Enfin, c’est la société UBER TECHNOLOGIES INC. qui a, par l’intermédiaire d’un article publié par son directeur général, révélé l’existence de la violation au public.

La formation restreinte considère que la gestion des conséquences de la violation de données n’est pas une simple question technique ou d’organisation qui peut entièrement relever de la marge de manœuvre dont dispose un sous-traitant. Au contraire, la gestion d’une violation de données est une question attachée à un élément essentiel d’un moyen de traitement, dont le responsable de traitement ne peut être dessaisi.

A cette fin, la société UBER TECHNOLOGIES INC. a rédigé plusieurs documents clés relatifs à la gestion des données personnelles collectées, dont les directives qui sont appliquées par l’ensemble des entités du groupe UBER. C’est également cette entité qui est en charge de la formation des nouveaux employés du groupe. La formation restreinte souligne également que c’est la société UBER TECHNOLOGIES INC. qui a conclu des contrats avec plusieurs sociétés tierces, dont […], qui fournissent des outils essentiels au fonctionnement du service tels que ceux permettant la gestion de campagnes marketing.

La formation restreinte considère que la multitude des champs d’actions dans lesquels intervient la société UBER TECHNOLOGIES INC. témoignent du rôle déterminant qui est le sien dans la détermination des finalités et moyens du traitement. En conséquence, les sociétés UBER. B.V et UBER TECHNOLOGIES INC. doivent être conjointement qualifiées de responsables de traitements.

2. Sur le droit applicable

Le I de l’article 5 de la loi du 6 janvier 1978 modifiée dispose que s ont soumis à la présente loi les traitements de données à caractère personnel : 1°Dont le responsable est établi sur le territoire français.

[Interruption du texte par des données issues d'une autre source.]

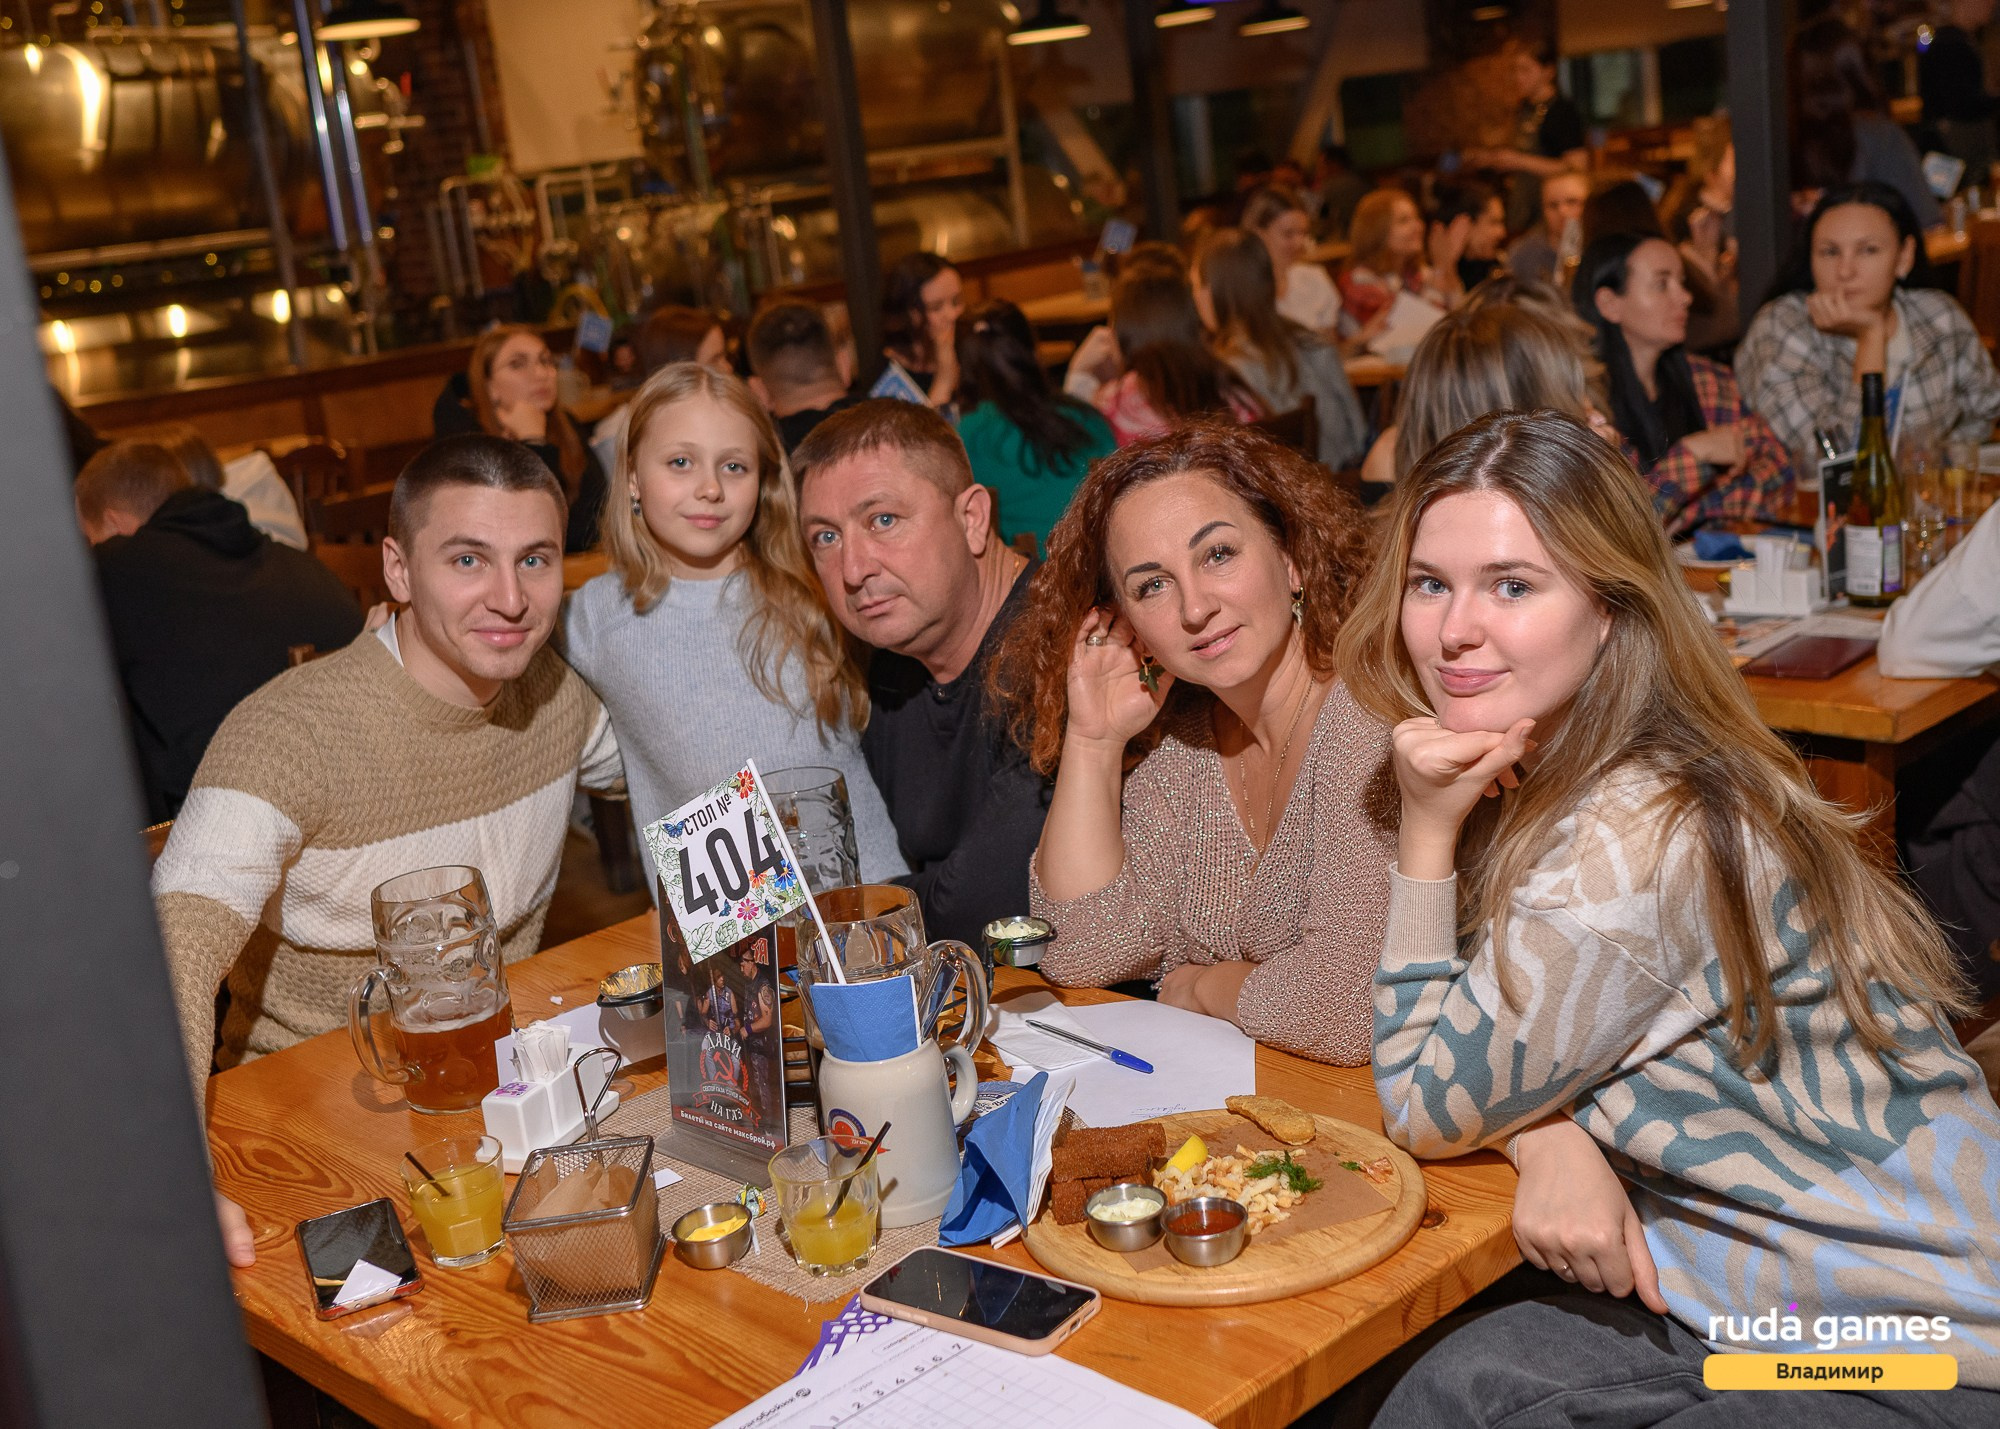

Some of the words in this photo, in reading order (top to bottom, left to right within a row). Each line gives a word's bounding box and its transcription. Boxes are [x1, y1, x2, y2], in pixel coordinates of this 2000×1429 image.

[683, 807, 718, 836] СТОЛ
[717, 793, 732, 814] №
[678, 808, 784, 916] 404
[705, 1032, 742, 1059] ДАВИ
[680, 1110, 704, 1123] Билеты
[704, 1118, 714, 1127] на
[714, 1121, 733, 1134] сайте
[711, 1100, 723, 1117] НА
[726, 1107, 743, 1121] ГАЗ
[852, 1401, 864, 1410] 2
[914, 1365, 925, 1373] 5

Le responsable d'un traitement qui exerce une activité sur le territoire français dans le cadre d'une installation, quelle que soit sa forme juridique, y est considéré comme établi .

Cet article constitue la transposition en droit interne de l’article 4-1-a) de la directive 95/46/CE du 24 octobre 1995 sur le droit national applicable qui dispose que : 1. Chaque État membre applique les dispositions nationales qu'il arrête en vertu de la présente directive aux traitements de données à caractère personnel lorsque : a) le traitement est effectué dans le cadre des activités d'un établissement du responsable du traitement sur le territoire de l'État membre ; si un même responsable du traitement est établi sur le territoire de plusieurs États membres, il doit prendre les mesures nécessaires pour assurer le respect, par chacun de ses établissements, des obligations prévues par le droit national applicable .

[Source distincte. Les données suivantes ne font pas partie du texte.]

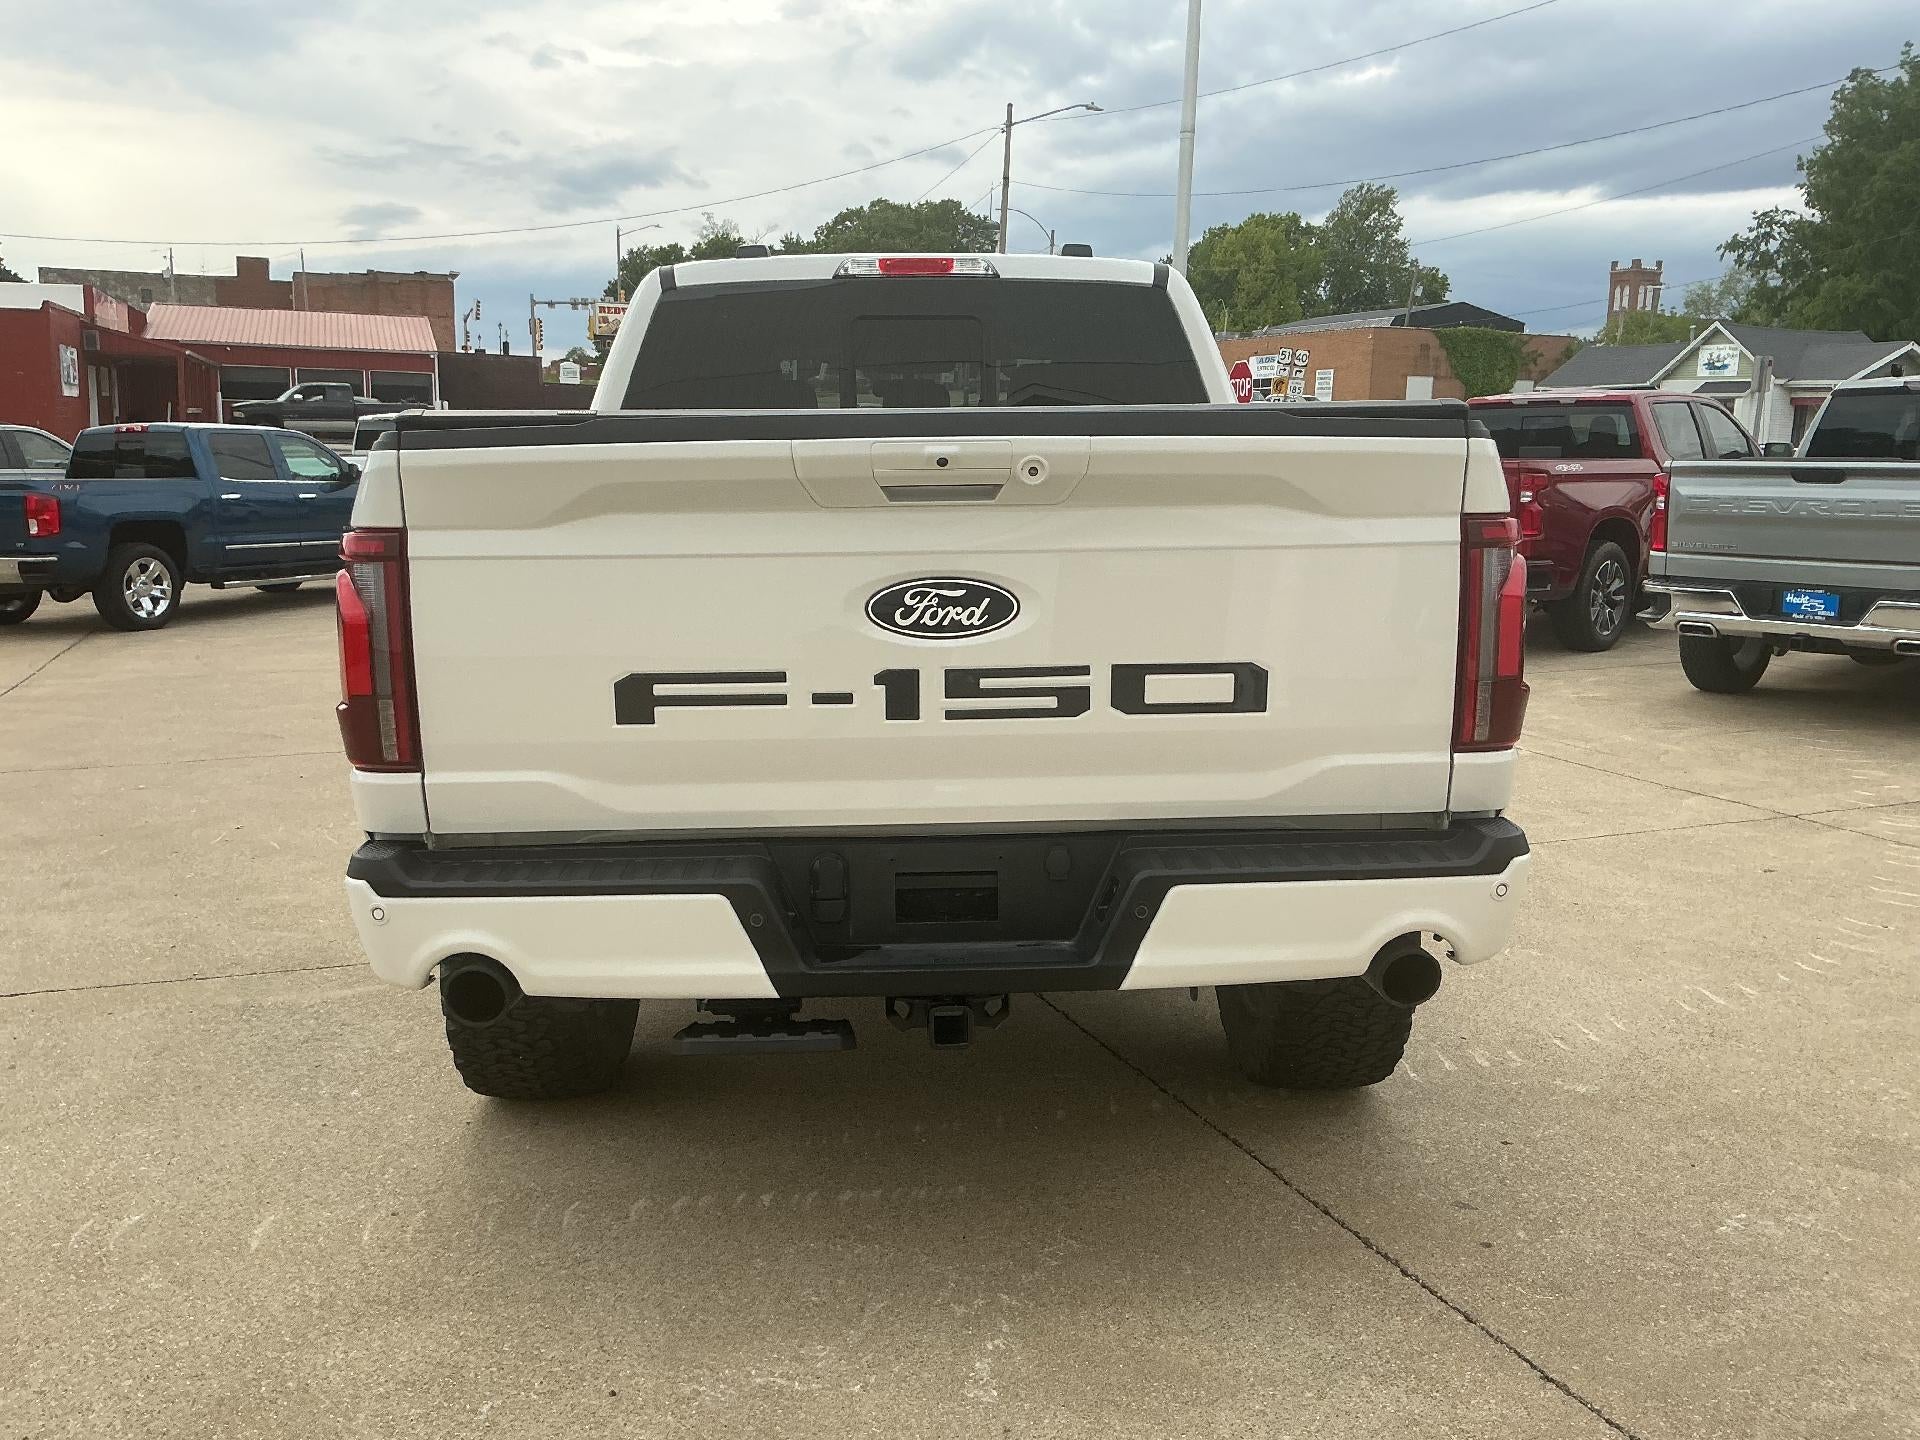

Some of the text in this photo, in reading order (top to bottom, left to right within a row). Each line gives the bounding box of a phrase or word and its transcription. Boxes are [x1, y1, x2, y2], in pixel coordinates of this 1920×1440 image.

[1280, 350, 1291, 361] 51
[1296, 353, 1308, 363] 40
[1289, 385, 1302, 394] 185
[894, 587, 991, 626] Ford
[614, 662, 1269, 725] F-150

Au regard de ces dispositions, le droit applicable d’un État membre dépend de deux conditions cumulatives : l’existence d’un établissement du responsable de traitement sur le territoire d’un État membre et la mise en œuvre du traitement de données dans le cadre des activités de cet établissement.

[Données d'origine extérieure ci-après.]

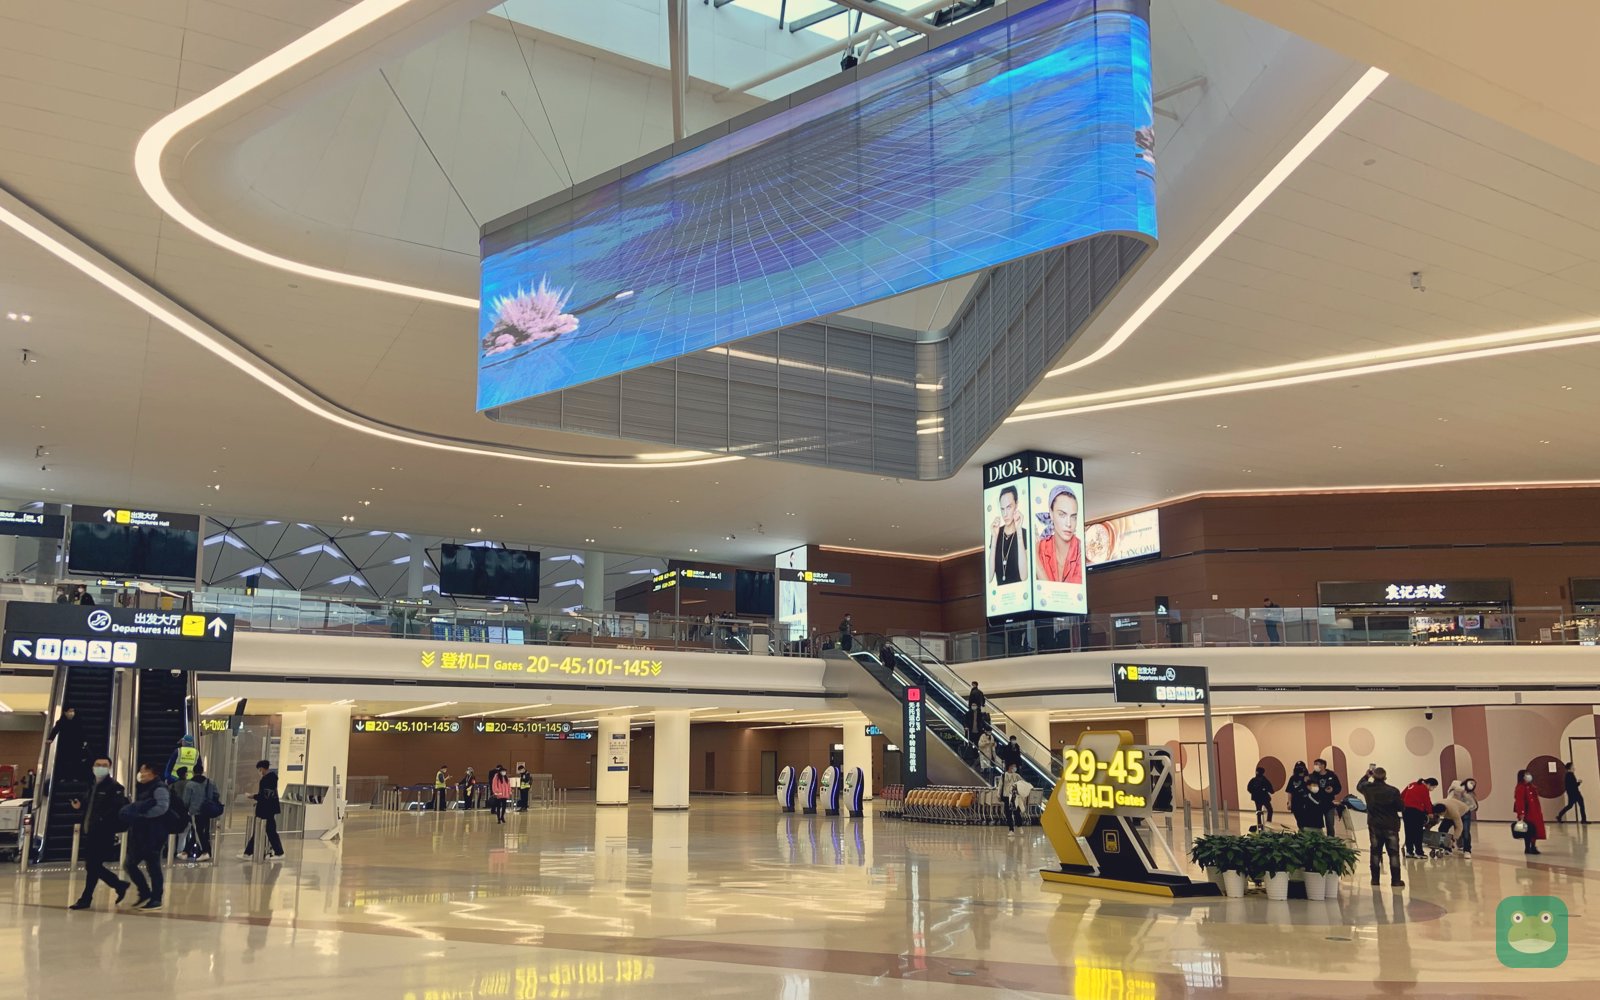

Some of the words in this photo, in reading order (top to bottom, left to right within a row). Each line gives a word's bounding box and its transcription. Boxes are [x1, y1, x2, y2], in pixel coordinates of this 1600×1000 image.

[989, 459, 1023, 483] DIOR
[1036, 457, 1076, 477] DIOR
[134, 613, 181, 626] 出发大厅
[112, 624, 161, 634] Departures
[163, 627, 181, 635] Hall
[440, 652, 490, 670] 登机口
[494, 660, 523, 671] Gates
[526, 655, 650, 677] 20-45,101-145
[375, 721, 450, 732] 20-45,101-145
[494, 722, 562, 733] 20-45,101-145
[1064, 749, 1145, 785] 29-45
[1066, 782, 1114, 809] 登机口
[1115, 790, 1145, 807] Gates

S’agissant du premier critère, la formation restreinte rappelle que dans son arrêt Weltimmo , du 1er octobre 2015, la Cour de justice de l’Union européenne a précisé que la notion d’établissement, au sens de la directive 95/46, s’étend à toute activité réelle et effective, même minime, exercée au moyen d’une installation stable , le critère de stabilité de l’installation étant examiné au regard de la présence de moyens humains et techniques nécessaires à la fourniture de services concrets en question (points 30 et 31 de l’arrêt).

En l’espèce, la formation restreinte relève tout d’abord que la qualité d’établissement de la société UBER FRANCE SAS n’est pas contestée. Elle relève ensuite que cette société dispose de locaux stables situés en France au sein desquels ses employés sont notamment en charge d’activités de support à l’attention des conducteurs et de la réalisation de campagnes marketing du groupe sur le territoire français.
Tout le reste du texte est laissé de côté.